Not much for low-waged migrants in immigration reset

Immigration Minister Kris Faafoi's immigration reset hopes to offset reliance on low-wage migrants by prioritising high income earners. Photo: Robert Kitchin/Stuff

The Government is selling it as the ‘smart’ option and the answer to the business communities prayers, but will the new immigration settings ingrain inequities in migrant communities?

Prime Minister Jacinda Ardern, speaking to a Business NZ lunch in Auckland on Wednesday via video call, said she was having the “very 2022 experience of isolating with her family”, before announcing the final stages of border reopening will be moved up to July.

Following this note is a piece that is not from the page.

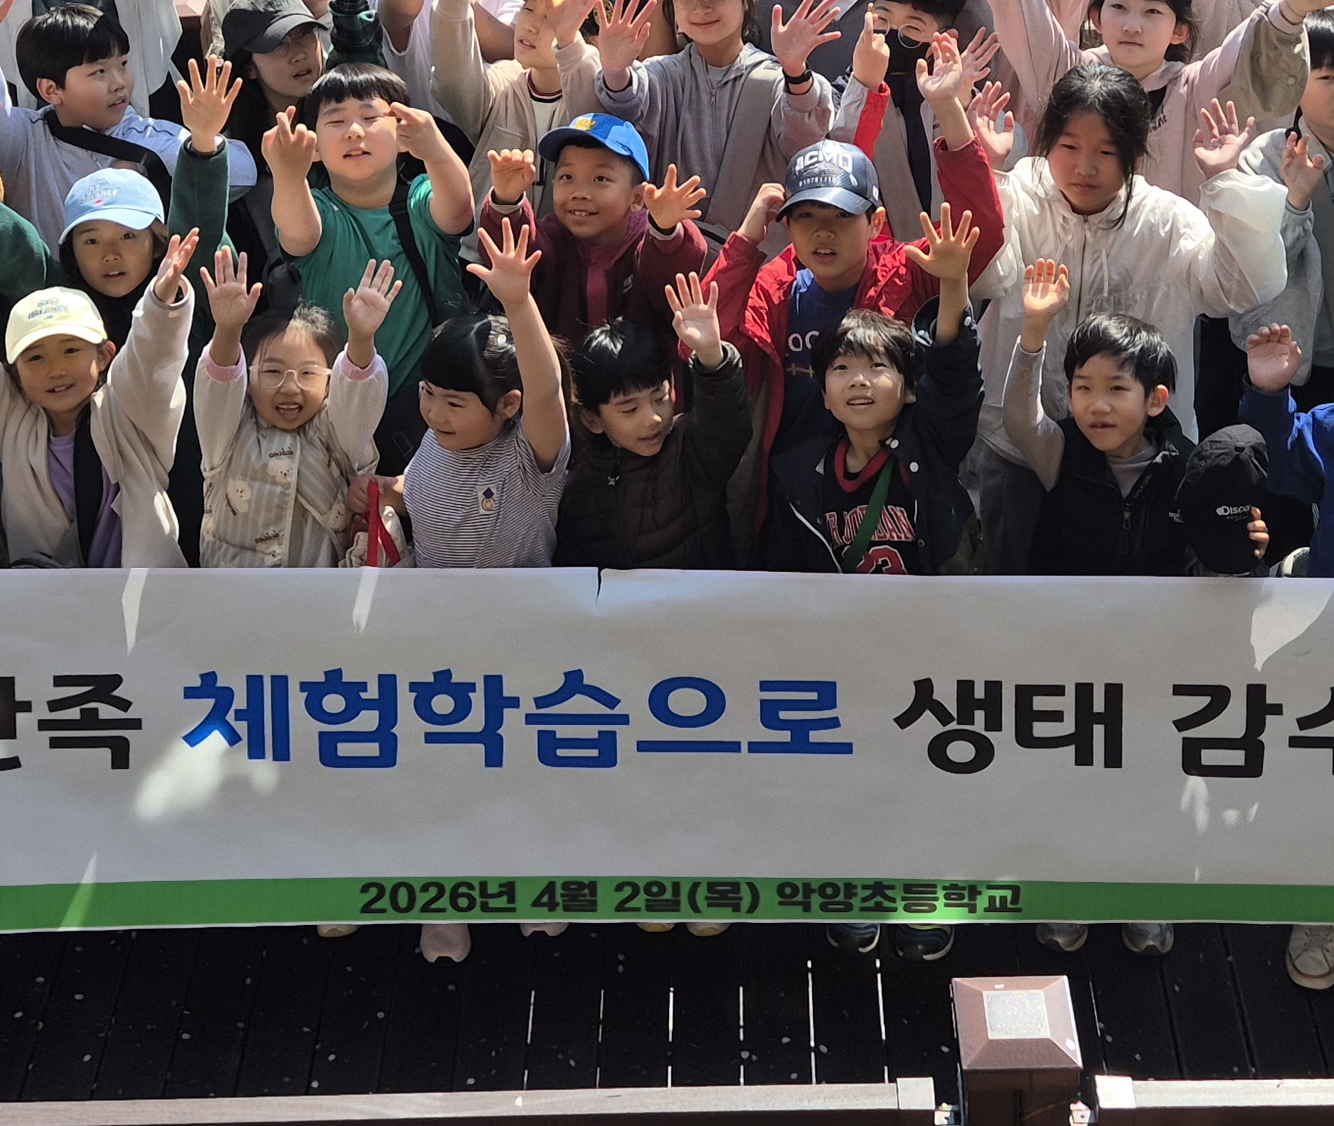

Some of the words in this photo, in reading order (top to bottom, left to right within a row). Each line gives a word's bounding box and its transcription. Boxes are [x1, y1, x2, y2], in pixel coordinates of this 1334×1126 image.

She followed the announcement up with the similarly very 2022 experience of fielding a question from Max Key, who approached the microphone and asked the Prime Minister if she was worried about intergenerational fairness, what with “the big build-up in government debt from all the borrowing with the Government”.

Ardern batted the question away with a reference to the questioner’s own father, comparing current government debts to those following the Global Financial Crisis, when Key Sr was at the helm.

But while there was a self-congratulatory and optimistic tone underlying the new settings, which see the border fully reopening on July 31 and Government support to shift away from a reliance on low-skilled migrant labour, the spectre of economic dread did seem to hang over some of the reveal.

“There are heavy clouds over the world at the moment,” Ardern said after recounting a visit to the ports of Singapore - a way station for a fifth of New Zealand’s total exports - where shipping containers were stacked high as far as the eye could see.

The immigration settings change was packaged as a salve to one of the larger problems the Government is willing to admit exists around immigration - a heavy reliance on low-skilled migrant labour.

A big part of this is the introduction of a Green List of roles which would allow expedited residency. It’s a move Ardern called both a significant milestone and a chance to put immigration settings on a “more sustainable footing”.

These roles include health workers, tradespeople, engineers, teachers, dairy farm managers and tech sector specialists. The list will be divided into two groups, with 56 roles on a straight-to-residence pathway and 29 roles on a two-year work-to-residence pathway.

Immigration Minister Kris Faafoi - appearing in physical space - called the new settings a “rebalance” and said it would support certain sectors to “transition away from their reliance on lower wage migrants, which Covid-19 has shown is not a sustainable business model”.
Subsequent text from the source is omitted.